By Blog Writer Glenn Armstrong
The current political climate is dominated by arguments and disagreements that quickly become hostile, toxic and hateful. With serious issues facing humanity, from climate change to wealth distribution, it is no wonder passions run high when solutions to these problems are debated. But this becomes dangerous when freedom of speech comes into question. When people believe limiting airtime for those with radical and controversial views is the best option. When people would sooner silence those they disagree with than dedicate time to considering the issue.
Helen Lewis’ ‘Boiling Point’ piece in the New Statesman (31st of August- 6th of September) is remarkably thorough and a wonderful summary of how, and possibly why, the political discourse became so ‘toxic’. In an article revolving around media bias, Lewis does a brilliant job of maintaining a relatively neutral position on most issues, raising the issue of political discussion and its gradual decline into name calling and abuse.
A particularly powerful point made is the comparison of Corbyn’s treatment of the media and Trump’s. Many Corbyn supporters are outraged at this comparison as they believe the two politicians to be polar opposites. In terms of policy this is true, yet when it comes to media relations there are moments when parallels become starkly obvious. In a speech concerning the media in January 2017, the leader of the opposition claimed that the people that run Britain, ‘have stitched up our political system to protect the rich and powerful’. As pointed out by Andrew Marr when Jeremy Corbyn appeared on his programme a day later, this has, ‘just a whiff of Donald Trump’ in its sentiment and style. Corbyn is stuck in a very difficult position though as his left-wing ideology immediately puts him at loggerheads with many media outlets and the status quo in the UK that hasn’t seen a powerful left-wing presence since Tony Benn in the 1980s. This, Corbyn claims, prevents neutral scrutiny of his and his contemporaries’ policies and actions. However, it is clear he is unwavering in his beliefs, so it seems his last resort is to lash out towards the media.
When a party leader expresses contempt for the MSM, then people follow suit. Abuse of journalists on social media and increasingly rude and hateful language is beginning to be used when peoples’ views don’t perfectly align. This sets a dangerous precedent and only serves to enlarge the spectre of discontent hanging over political discussion.

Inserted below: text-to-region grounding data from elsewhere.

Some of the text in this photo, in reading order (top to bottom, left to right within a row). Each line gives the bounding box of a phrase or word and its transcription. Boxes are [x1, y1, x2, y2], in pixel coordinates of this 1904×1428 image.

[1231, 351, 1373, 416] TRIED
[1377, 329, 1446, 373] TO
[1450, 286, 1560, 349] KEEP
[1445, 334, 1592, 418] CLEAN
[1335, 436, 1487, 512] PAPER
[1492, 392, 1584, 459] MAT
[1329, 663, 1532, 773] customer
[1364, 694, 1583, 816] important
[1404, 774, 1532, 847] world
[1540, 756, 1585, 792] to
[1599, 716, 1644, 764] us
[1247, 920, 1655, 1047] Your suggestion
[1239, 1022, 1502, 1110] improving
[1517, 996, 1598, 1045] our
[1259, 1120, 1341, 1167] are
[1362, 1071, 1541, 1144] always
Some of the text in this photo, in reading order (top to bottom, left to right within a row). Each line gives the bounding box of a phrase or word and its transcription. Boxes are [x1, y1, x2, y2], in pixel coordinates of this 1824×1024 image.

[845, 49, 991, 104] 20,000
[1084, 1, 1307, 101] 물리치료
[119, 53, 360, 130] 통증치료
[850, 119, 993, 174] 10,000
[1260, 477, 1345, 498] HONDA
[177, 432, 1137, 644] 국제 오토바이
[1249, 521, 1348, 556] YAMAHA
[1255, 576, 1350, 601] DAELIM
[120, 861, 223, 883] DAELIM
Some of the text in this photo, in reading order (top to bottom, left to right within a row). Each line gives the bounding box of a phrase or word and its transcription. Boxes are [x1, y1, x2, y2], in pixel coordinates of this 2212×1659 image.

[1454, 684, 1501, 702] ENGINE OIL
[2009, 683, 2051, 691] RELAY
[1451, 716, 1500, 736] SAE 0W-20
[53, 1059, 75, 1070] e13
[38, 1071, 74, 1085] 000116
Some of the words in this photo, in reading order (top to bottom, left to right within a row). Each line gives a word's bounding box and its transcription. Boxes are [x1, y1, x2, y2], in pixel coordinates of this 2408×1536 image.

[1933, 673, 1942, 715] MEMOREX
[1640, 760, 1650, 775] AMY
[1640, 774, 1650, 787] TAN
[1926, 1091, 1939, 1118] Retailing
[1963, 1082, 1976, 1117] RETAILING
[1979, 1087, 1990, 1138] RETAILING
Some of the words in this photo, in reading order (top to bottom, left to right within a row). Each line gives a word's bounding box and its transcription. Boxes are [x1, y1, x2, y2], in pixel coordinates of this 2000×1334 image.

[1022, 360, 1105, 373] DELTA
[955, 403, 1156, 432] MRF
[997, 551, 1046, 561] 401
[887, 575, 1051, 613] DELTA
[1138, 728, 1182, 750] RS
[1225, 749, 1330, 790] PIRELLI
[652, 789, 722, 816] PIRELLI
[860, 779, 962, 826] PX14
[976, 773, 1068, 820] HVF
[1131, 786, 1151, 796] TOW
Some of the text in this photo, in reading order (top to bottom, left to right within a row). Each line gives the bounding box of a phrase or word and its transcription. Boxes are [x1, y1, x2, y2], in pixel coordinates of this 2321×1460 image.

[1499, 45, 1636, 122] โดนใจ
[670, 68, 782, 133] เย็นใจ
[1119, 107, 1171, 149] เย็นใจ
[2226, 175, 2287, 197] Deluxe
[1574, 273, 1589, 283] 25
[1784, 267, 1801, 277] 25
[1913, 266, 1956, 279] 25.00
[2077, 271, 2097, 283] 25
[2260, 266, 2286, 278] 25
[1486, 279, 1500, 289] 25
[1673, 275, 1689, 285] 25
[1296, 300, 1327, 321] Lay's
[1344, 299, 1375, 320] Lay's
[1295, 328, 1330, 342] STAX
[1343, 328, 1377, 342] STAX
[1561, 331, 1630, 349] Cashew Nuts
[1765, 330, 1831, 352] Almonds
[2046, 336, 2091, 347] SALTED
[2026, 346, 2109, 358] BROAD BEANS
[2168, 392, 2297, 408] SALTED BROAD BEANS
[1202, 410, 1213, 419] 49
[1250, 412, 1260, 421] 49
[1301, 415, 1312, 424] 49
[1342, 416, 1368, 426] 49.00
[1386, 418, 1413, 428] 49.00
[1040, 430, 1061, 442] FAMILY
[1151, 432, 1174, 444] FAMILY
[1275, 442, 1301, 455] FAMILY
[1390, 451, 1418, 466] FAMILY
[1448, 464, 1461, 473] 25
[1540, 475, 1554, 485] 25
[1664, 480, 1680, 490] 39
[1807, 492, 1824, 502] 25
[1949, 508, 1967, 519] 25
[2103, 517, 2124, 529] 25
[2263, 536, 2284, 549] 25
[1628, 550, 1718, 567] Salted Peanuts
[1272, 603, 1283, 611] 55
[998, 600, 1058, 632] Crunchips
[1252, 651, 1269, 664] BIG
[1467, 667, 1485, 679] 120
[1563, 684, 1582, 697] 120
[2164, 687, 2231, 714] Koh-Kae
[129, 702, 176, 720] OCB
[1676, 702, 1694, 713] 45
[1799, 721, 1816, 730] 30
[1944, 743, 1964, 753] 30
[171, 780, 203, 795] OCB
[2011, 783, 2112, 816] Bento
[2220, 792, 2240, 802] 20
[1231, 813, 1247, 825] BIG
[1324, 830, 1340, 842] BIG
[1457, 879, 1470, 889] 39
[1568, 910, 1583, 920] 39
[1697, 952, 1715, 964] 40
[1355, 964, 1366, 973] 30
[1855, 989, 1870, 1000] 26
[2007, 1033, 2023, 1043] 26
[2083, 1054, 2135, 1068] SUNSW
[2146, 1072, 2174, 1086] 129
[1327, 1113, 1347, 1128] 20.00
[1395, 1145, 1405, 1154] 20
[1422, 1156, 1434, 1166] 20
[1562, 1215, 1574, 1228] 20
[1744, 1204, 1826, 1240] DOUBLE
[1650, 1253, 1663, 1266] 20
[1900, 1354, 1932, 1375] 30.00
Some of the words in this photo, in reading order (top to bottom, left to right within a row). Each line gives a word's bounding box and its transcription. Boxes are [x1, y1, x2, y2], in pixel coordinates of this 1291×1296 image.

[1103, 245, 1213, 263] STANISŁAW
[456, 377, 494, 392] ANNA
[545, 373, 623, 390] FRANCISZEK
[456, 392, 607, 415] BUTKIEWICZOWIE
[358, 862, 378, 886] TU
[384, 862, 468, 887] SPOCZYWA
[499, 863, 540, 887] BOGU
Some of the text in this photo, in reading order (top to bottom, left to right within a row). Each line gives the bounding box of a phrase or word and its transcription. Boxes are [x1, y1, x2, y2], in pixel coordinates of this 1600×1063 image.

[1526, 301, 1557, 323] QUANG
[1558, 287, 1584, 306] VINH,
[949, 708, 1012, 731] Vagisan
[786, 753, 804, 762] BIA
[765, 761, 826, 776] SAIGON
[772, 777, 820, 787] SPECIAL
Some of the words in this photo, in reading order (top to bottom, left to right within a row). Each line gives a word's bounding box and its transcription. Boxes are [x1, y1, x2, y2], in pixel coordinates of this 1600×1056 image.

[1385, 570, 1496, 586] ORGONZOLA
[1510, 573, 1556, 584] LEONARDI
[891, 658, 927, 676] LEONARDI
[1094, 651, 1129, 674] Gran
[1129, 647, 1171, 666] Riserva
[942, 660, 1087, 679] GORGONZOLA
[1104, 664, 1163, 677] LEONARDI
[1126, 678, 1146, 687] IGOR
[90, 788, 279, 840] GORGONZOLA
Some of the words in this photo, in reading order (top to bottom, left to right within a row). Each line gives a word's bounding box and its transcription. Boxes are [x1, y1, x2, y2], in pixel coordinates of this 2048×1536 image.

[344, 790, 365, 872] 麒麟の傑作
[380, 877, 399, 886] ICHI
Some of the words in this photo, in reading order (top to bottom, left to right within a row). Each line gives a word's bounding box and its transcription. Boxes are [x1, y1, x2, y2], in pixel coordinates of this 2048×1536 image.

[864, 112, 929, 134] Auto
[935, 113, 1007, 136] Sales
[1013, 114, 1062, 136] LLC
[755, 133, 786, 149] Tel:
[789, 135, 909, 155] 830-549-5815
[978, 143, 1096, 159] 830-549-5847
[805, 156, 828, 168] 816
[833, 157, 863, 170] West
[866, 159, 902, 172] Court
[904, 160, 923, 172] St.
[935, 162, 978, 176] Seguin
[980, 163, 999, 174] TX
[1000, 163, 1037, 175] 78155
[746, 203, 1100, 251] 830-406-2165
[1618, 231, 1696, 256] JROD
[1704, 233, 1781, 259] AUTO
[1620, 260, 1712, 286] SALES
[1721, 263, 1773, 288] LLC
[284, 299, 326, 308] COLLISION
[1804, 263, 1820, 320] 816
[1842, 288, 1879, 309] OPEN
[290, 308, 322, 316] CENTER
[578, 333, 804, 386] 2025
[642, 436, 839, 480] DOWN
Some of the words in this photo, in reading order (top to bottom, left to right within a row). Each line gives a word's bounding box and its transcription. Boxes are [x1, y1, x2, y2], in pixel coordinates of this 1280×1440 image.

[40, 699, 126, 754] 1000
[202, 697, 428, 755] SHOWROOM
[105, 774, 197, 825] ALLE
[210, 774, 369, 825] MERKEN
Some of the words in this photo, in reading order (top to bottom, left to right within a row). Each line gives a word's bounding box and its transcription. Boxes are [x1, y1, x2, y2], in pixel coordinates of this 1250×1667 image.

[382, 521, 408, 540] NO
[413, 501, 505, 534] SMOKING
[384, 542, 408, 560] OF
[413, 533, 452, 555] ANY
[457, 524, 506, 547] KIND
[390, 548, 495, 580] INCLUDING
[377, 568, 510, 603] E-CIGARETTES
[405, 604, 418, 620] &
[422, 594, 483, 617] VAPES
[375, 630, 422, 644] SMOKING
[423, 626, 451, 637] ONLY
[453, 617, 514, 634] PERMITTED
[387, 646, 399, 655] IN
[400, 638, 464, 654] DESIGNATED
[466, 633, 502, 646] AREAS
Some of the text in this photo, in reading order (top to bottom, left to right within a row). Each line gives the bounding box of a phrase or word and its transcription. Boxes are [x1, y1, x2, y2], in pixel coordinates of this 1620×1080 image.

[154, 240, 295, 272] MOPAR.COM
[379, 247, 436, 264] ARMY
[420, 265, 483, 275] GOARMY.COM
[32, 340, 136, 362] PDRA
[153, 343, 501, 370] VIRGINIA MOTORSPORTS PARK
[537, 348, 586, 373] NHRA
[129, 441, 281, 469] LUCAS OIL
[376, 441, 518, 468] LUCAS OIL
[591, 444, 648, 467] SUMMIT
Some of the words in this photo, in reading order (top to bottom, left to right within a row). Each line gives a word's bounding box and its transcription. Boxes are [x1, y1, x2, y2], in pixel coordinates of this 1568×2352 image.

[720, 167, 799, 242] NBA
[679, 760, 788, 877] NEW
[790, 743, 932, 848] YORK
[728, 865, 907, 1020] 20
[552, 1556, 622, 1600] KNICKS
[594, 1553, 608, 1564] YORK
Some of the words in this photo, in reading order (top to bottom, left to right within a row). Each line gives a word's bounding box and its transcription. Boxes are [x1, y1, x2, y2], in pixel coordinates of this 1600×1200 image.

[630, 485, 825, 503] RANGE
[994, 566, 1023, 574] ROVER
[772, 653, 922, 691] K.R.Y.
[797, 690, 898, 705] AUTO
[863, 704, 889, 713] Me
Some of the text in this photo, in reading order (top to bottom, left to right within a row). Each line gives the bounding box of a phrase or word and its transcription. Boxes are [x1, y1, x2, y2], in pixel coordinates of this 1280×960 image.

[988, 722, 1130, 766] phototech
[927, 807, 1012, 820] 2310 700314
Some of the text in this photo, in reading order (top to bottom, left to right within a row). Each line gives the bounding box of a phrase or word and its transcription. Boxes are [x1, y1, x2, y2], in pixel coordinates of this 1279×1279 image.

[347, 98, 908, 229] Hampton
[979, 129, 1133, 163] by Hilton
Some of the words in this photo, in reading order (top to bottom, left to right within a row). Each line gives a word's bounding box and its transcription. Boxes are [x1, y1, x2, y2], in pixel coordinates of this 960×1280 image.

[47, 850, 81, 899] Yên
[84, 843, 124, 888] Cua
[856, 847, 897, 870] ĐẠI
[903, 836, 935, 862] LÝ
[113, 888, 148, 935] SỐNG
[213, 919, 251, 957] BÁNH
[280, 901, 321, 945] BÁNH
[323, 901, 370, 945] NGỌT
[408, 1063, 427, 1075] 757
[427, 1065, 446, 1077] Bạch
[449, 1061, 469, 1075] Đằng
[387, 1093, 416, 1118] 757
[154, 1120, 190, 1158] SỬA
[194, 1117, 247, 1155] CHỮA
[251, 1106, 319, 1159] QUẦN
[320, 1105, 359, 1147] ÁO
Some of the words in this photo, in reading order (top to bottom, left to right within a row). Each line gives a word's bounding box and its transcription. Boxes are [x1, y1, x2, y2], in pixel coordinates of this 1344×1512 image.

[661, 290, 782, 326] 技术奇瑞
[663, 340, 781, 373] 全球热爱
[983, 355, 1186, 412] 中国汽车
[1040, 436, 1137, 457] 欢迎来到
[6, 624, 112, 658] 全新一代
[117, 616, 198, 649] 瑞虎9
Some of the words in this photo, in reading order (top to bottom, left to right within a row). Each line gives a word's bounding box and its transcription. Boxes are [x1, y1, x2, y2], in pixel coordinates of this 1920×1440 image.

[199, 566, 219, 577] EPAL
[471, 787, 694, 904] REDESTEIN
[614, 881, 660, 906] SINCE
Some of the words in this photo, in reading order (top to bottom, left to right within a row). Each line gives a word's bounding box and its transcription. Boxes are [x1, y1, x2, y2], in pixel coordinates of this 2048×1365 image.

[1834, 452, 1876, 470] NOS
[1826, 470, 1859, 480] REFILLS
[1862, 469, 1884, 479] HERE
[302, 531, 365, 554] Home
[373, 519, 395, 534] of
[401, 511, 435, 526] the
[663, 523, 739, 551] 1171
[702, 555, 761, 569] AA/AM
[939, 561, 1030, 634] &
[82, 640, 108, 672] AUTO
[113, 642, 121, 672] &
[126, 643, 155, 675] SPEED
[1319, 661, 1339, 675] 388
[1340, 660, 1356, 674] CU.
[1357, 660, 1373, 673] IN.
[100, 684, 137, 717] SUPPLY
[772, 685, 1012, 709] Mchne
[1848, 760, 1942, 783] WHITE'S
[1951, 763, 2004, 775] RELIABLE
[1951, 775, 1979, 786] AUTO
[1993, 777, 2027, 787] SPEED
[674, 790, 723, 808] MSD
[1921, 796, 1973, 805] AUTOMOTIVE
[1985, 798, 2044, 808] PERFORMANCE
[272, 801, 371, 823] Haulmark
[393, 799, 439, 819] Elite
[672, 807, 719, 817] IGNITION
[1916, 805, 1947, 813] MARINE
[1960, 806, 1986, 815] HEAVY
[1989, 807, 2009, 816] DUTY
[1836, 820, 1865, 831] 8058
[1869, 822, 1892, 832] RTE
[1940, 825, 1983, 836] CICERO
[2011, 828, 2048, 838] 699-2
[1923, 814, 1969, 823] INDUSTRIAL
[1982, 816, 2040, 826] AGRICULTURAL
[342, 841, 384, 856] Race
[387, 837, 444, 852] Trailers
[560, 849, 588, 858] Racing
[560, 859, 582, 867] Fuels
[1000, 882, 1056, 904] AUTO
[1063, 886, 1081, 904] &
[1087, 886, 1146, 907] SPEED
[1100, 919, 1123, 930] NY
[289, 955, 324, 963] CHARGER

A point alluded to throughout the article was the impossible position that liberal democracies find themselves in. Extreme views have always existed, but new social media outlets give them a larger platform to gain support. This leads many to want people holding these beliefs to have less airtime, immediately bringing freedom of speech into question. It is frankly impossible to silence these views without a huge backlash due to concerns around civil freedoms.
Education now becomes a key tool in maintaining the liberty of each individual to express their views but also in helping the public to form their own opinion based on a range of information. Hegel’s idea of true intelligence stemmed from the ability to listen, consider and evaluate others’ ideas. This concept allows one to build a rounded picture and become widely informed even from people who don’t necessarily share your view. All views and ideas have something we can use ourselves to either confirm our own thoughts or to raise new ones in our minds.
This concept in the modern political landscape could allow people to reasonably debate and discuss ideas. It could prevent conversations about politics derailing before the train of thought even left the station. Education could act as a cure to the toxicity rampant in current discourse.
To bring this point into actual policy any responsible government should consider mandatory political education in schools. For many 18-year olds, when they leave school they have had very little exposure to the processes of government or the fundamental political ideologies. Yet they are expected to vote with an informed opinion.
Why do we expect this when we don’t give them the foundational knowledge? Why do we resent young people for not voting when they have never been inspired to?
A generation who understands that politics can be a meaningful device for change and that they can personally affect that change, could be a revolutionary force. An informed populous can debate hateful and bigoted views and prove them to have no place in society. With the immense power that comes with education, we can have a society with freedom of speech that is capable of reasonable discussion on controversial issues.
In my mind, the answer must be education. This will enable people to critically evaluate others’ views against their own beliefs, without immediately dismissing them or being blindly swayed.
The problem of a participation crisis among the youth in Britain is real. We can’t just watch and hope that suddenly by some miracle things will change. We must be proactive in helping this generation to see politics for what it can be, not for the ‘toxic’ mess it has become.